Deportes

¿Y si Beñat no es tan imprescindible?

La pregunta es retórica. El Betis, sin el vasco, empató en un feudo hostil, aunque el fútbol sigue sin aparecer o lo hace muy de vez en cuando.

el 21 oct 2012 / 21:21 h.

Adrián colisiona con el exbético Álvaro Cejudo.
-->

Vaya por delante que la pregunta no tiene más intención que provocar deliberadamente a la lectora o lector, en el caso de que la o lo hubiese. En la humilde opinión de quien esto redacta, la imprescindibilidad de Beñat en el Betis de Pepe Mel es igual de innegable que la cuesta abajo de España. España como país, no como selección de fútbol, por supuesto. Pero, de vuelta a Beñat y al Betis, he aquí que en un marco tan inhóspito como El Sadar, ante una de las aficiones más hostiles de la Liga, el equipo verdiblanco, huérfano del futbolista que maneja sus hilos, fue capaz de contener el siempre intenso juego de su enemigo, huérfano a su vez de calidad pero pródigo en puja y entrega. Es el rojillo un conjunto que obliga a ponerse el famoso mono de trabajo, arremangarse y lucirse en el otro fútbol, el que precisamente no luce. Y el Betis se agarró a todos esos tópicos y no los soltó en los 94 minutos que duró la contienda pamplonesa.
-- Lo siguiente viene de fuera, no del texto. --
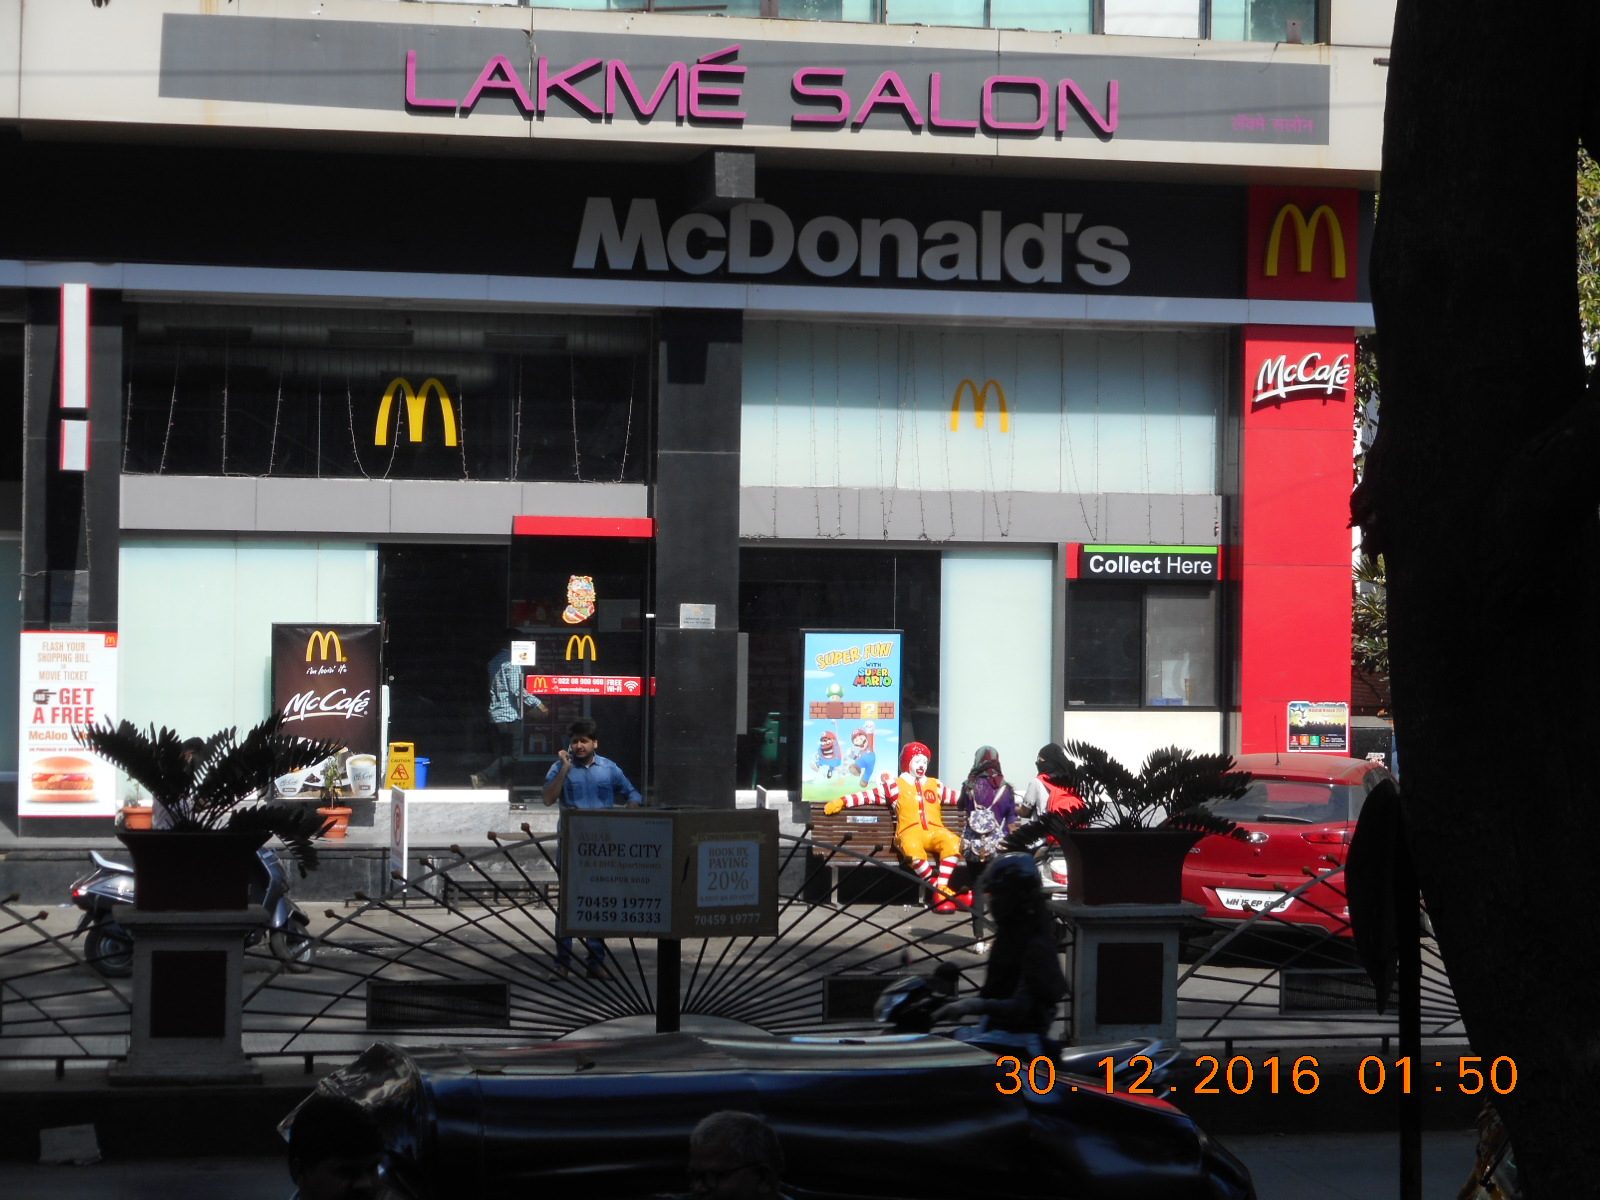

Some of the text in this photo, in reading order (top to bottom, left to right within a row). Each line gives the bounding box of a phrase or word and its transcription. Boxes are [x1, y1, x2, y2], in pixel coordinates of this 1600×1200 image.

[406, 45, 1119, 137] LAKMÉ SALON
[572, 194, 1132, 287] McDonald's
[1255, 352, 1350, 402] McCafé
[1089, 554, 1213, 575] Collect Here
[42, 641, 86, 652] FLASH YOUR
[37, 652, 91, 664] SHOPPING BILL
[816, 640, 894, 671] SUPER FUN
[39, 670, 89, 681] MOVIE TICKET
[857, 667, 890, 678] SUPER
[853, 675, 893, 688] MARIO
[59, 687, 95, 705] GET
[282, 687, 371, 723] McCafé
[32, 706, 96, 724] A FREE
[28, 730, 68, 741] McAloo
[577, 841, 662, 859] GRAPE CITY
[708, 847, 735, 857] BOOK
[708, 857, 749, 869] PAYING
[707, 870, 750, 891] 20%
[576, 896, 662, 909] 70459 19777
[576, 910, 661, 924] 70459 36333
[694, 912, 761, 926] 70459 19777
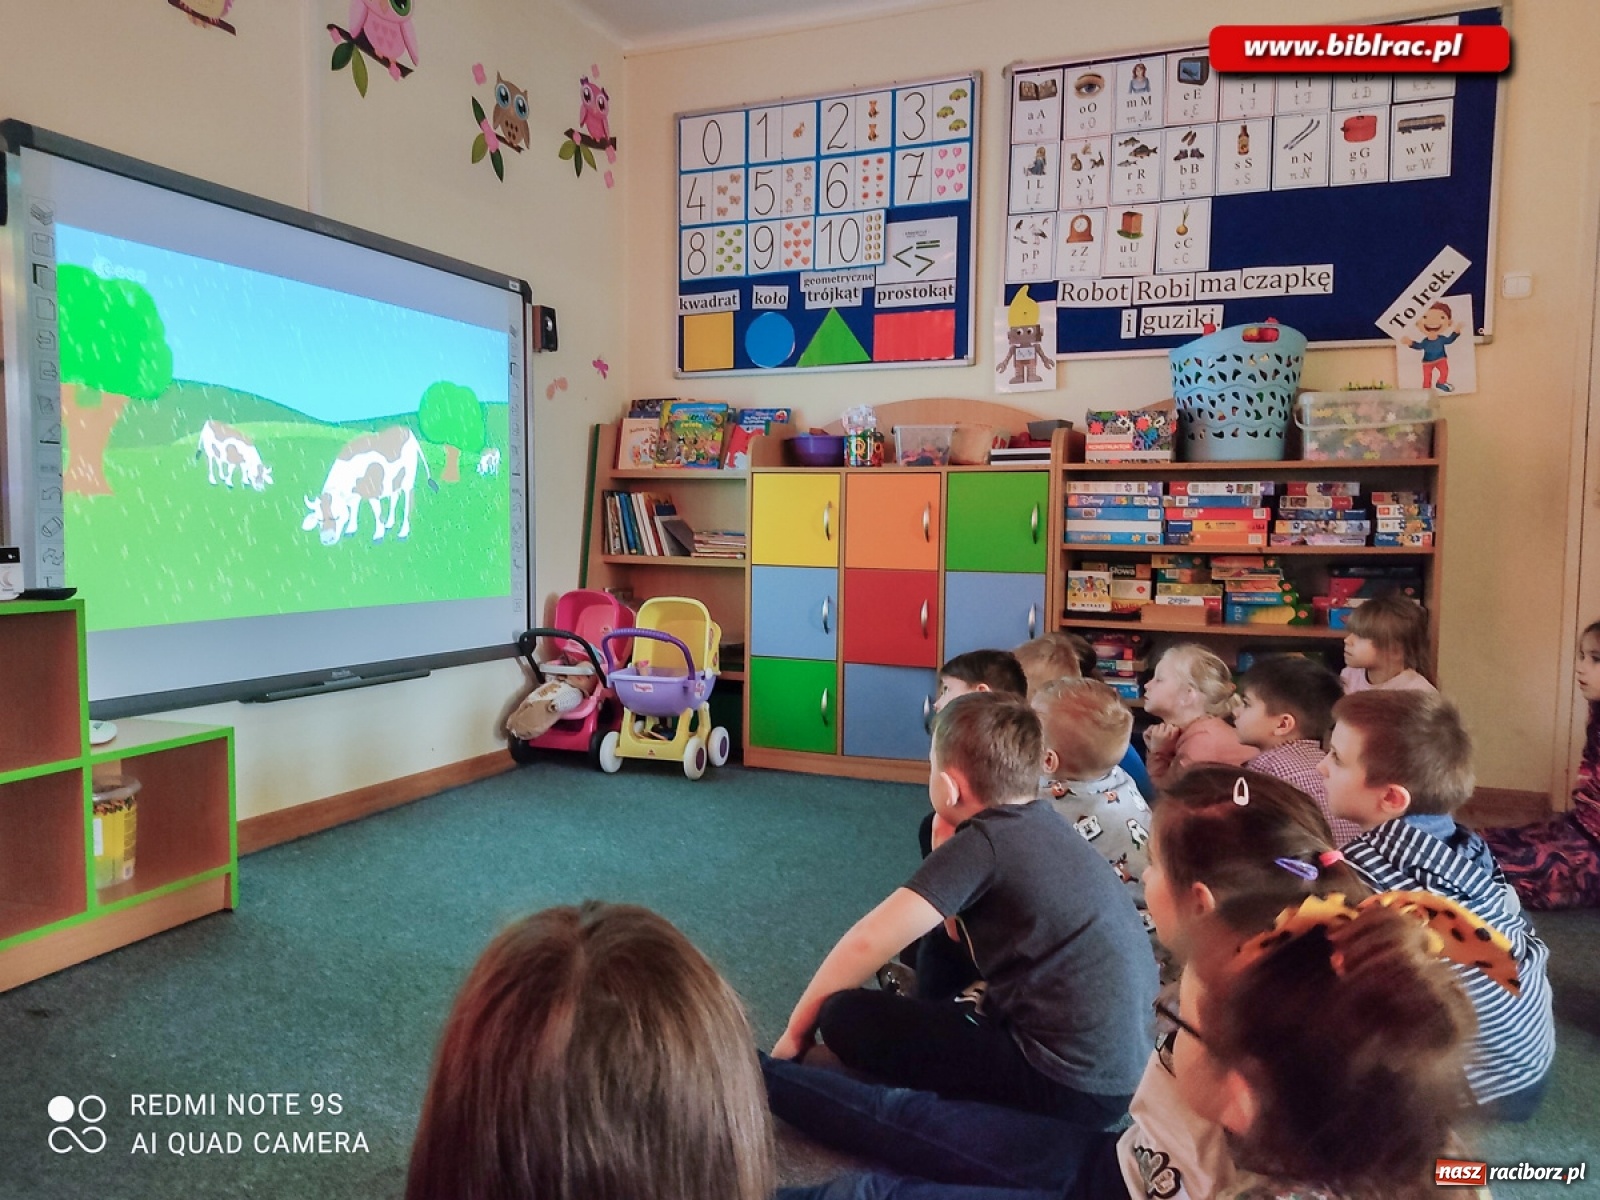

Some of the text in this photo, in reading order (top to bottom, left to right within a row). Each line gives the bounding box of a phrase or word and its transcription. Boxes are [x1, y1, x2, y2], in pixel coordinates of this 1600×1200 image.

[756, 112, 768, 158] 1
[827, 102, 849, 150] 2
[902, 91, 926, 140] 3
[754, 169, 775, 215] 5
[826, 162, 848, 208] 6
[902, 151, 925, 200] 7
[686, 177, 706, 220] 4
[687, 232, 706, 275] 8
[754, 225, 774, 269] 9
[820, 218, 860, 265] 10
[679, 292, 737, 310] kwadrat
[754, 290, 787, 306] koło
[803, 272, 874, 288] geometryczne
[807, 286, 860, 303] trójkąt
[877, 283, 953, 304] prostokąt
[1060, 267, 1331, 301] Robot Robi ma czapkę
[1389, 269, 1455, 328] To Irek.
[1125, 308, 1221, 335] i guziki.
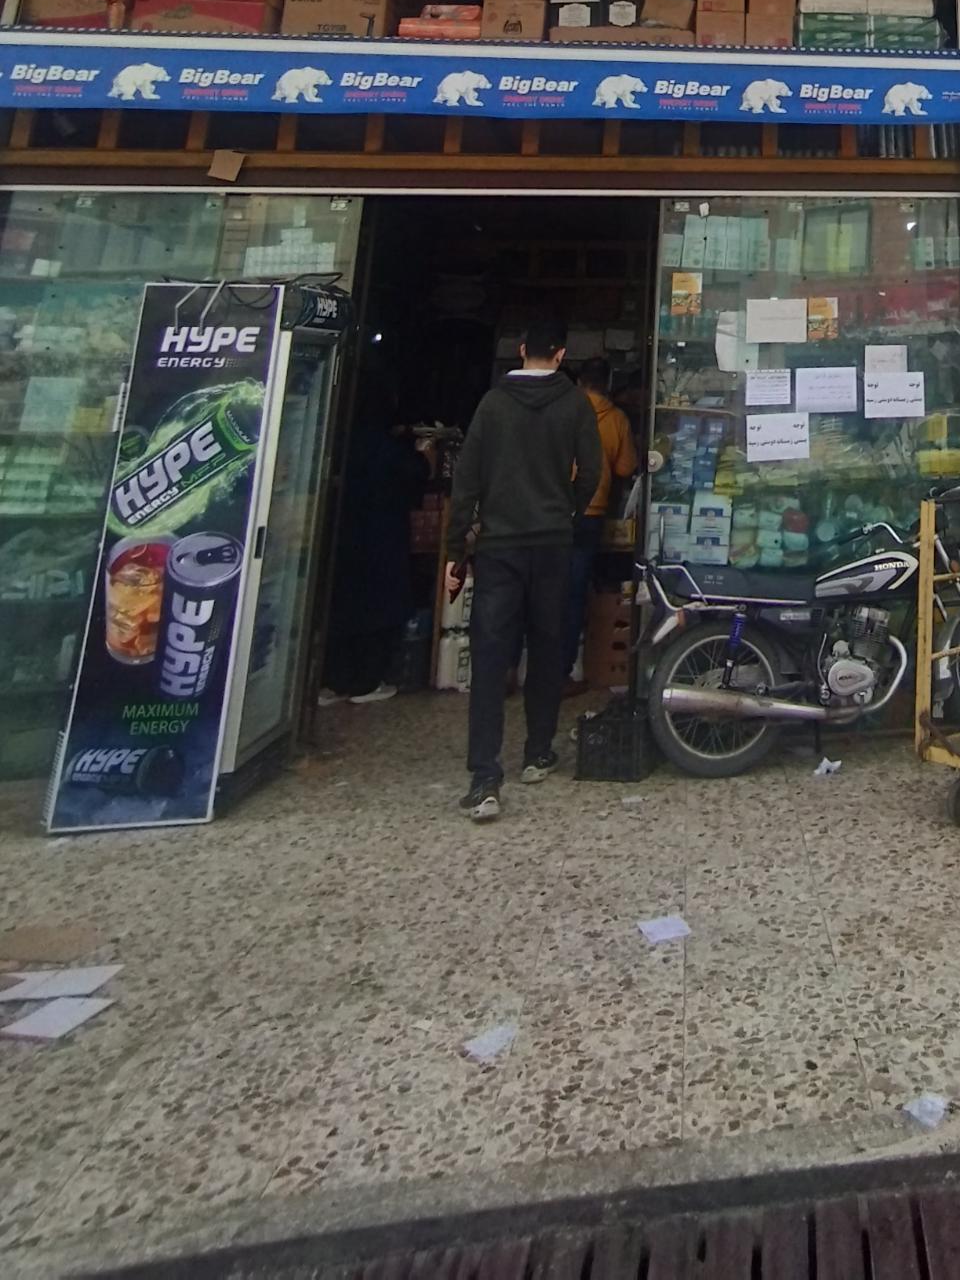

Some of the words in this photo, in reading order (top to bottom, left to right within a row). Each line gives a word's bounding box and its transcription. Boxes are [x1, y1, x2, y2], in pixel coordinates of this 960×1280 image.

[10, 64, 100, 83] BigBear
[178, 68, 265, 87] BigBear
[340, 71, 423, 90] BigBear
[498, 76, 579, 94] BigBear
[654, 80, 732, 98] BigBear
[799, 84, 873, 102] BigBear
[160, 326, 260, 352] HYPE
[157, 357, 226, 368] ENERGY
[115, 421, 222, 519] HYPE
[127, 486, 179, 525] ENERGY
[874, 561, 910, 571] HONDA
[160, 592, 215, 696] HYPE
[122, 702, 200, 719] MAXIMUM
[129, 720, 191, 736] ENERGY
[75, 748, 149, 774] HYPE
El Betis, sin Beñat, incluso fue capaz de ser mejor que Osasuna durante determinados tramos del encuentro, pero el pundonor, la solidaridad y demás virtudes de los que no son Messi o Cristiano no le dieron para más que ese punto. No significa que Beñat hubiese garantizado a los suyos los otros dos, pero a priori, en teoría, sí hubiese asegurado un poco más de criterio en los segundos que el Betis disfrutó de la posesión del esférico en el centro del campo. Y que conste que Salva Sevilla se desenvolvió con mucha dignidad en su estreno de la temporada, quién se lo iba a decir a él, que también resultó tan imprescindible en el primer Betis de Mel, el del ascenso. Pero como diría cierto cantante de cuyo nombre no es plan acordarse, no es lo mismo.

Con o sin Beñat, con el mono de trabajo o con el traje de luces, el Betis se planta en la zona europea con casi un cuarto de campeonato cumplido. En una Liga cada vez más mediocre, basta con que el delantero (Rubén Castro, Juan Carlos...) no rehúya la carrera hacia atrás y tape al adversario de  turno (Damiá, Lamah...) para conseguir buenos réditos. El trabajo y la humildad son lo primero. El buen fútbol ya llegará. Seguramente con Beñat.